システム開発失敗の大半は要件定義の問題
実際のところ、コンピュータの機能や性能をもれなく矛盾なく整理して日本語で伝えるというのは、どこの会社でも苦労しているところで、以下のような調査結果も出ています。
少し古いデータではありますが、システム開発の失敗のうち実に9割が要件定義に関するものだとする調査結果です。2008年に実施された日経BP社による調査では、システム開発の7割強が失敗に終わると言われていますので、両者を掛け合わせて考えると、システム開発は、6割以上が要件定義を原因として失敗しているということになります。つまり、システム開発を2度経験して、2度とも要件定義がすんなり終わったとすれば、それは東京六大学野球で東大が早稲田や慶応に2連勝するくらい、希有な例だということになります。(つまり大ラッキーというわけですね。
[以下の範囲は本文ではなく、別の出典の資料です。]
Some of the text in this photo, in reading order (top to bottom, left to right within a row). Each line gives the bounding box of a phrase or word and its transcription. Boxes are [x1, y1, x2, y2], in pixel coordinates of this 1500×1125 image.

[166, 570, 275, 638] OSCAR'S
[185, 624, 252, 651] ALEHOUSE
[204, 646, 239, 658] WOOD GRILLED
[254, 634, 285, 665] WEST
)
もちろん、この2つの調査は調査の対象や時期も違いますし、調査者も異なりますので、こんな単純な掛け算で何かを結論づけることはできませんが、「要件定義がうまくいかなくて、プロジェクトが失敗した」という話は、裁判所でも本当によく聞く話で、以下のような裁判を初めとして、それこそ星の数ほどの紛争やトラブルが起こっています。
【要件定義の不備が原因となった裁判の例】
(東京地方裁判所 平成17年4月22日判決)
あるユーザが書籍在庫管理システムの刷新することを計画し、既存システムの機能に新機能を追加して要件定義を行ったが、既存システムの一部機能 (個別出版社対応機能)を明確に要件として定義していなかったため、ベンダは、この部分を作らなかった。
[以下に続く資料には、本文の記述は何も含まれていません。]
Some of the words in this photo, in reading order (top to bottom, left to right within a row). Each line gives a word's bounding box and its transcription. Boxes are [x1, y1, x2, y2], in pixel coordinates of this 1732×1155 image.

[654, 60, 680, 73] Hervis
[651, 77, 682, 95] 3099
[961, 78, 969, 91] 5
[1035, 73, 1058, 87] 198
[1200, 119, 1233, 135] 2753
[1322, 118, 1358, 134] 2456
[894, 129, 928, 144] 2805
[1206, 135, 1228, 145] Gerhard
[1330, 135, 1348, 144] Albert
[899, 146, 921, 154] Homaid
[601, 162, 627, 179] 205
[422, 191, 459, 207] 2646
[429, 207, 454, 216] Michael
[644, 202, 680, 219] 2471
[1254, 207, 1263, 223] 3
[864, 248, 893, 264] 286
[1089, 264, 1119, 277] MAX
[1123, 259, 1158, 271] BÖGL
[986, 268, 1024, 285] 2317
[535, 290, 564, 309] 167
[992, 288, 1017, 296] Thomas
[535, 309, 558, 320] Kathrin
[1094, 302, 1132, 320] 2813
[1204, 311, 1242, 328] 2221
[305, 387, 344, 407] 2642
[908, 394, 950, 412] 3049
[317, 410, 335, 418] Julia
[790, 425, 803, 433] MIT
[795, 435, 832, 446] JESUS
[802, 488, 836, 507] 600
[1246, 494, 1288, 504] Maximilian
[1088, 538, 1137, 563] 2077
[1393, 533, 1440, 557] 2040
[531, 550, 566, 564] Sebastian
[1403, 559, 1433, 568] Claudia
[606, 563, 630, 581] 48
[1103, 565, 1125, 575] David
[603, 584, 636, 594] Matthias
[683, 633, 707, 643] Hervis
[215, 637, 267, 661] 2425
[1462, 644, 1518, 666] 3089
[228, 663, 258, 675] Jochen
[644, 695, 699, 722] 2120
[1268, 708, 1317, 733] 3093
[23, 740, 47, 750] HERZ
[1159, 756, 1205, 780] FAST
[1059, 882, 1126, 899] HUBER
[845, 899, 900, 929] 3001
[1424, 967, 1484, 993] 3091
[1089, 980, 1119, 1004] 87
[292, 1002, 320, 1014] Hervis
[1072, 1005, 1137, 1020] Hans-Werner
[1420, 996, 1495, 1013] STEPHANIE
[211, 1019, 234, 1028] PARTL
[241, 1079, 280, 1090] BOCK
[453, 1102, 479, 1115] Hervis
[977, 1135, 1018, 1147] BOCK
納入直前にこのことに気付いたユーザは、急遽ベンダに依頼してこの機能を追加し、システムは完成したが、完成後ベンダから追加費用を請求されたユーザは、この追加機能は、要件として定義しなくても既存システムの機能である以上当然に実装されるべきもので要件追加ではないとして、支払いを拒んだ。
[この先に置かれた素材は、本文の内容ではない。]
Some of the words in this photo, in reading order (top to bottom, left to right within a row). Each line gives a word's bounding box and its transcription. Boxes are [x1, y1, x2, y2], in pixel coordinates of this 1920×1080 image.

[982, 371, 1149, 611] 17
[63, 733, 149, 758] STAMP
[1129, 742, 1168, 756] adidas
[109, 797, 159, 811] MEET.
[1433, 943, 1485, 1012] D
これに対してベンダは、 “個別出版社対応は追加要請分であり費用を支払うべき” と主張して裁判となった。
この裁判の判決が、どのようなものであったか、そこから得られる知見がどのようなものであったかについては次回以降にご説明したいと思いますが、裁判にまで発展しなくとも、要件定義を巡るトラブルが本当に多いことは、私自身の経験に照らしても、(もしかしたら読者の皆さんの実感としても) うなずけるところかもしれません。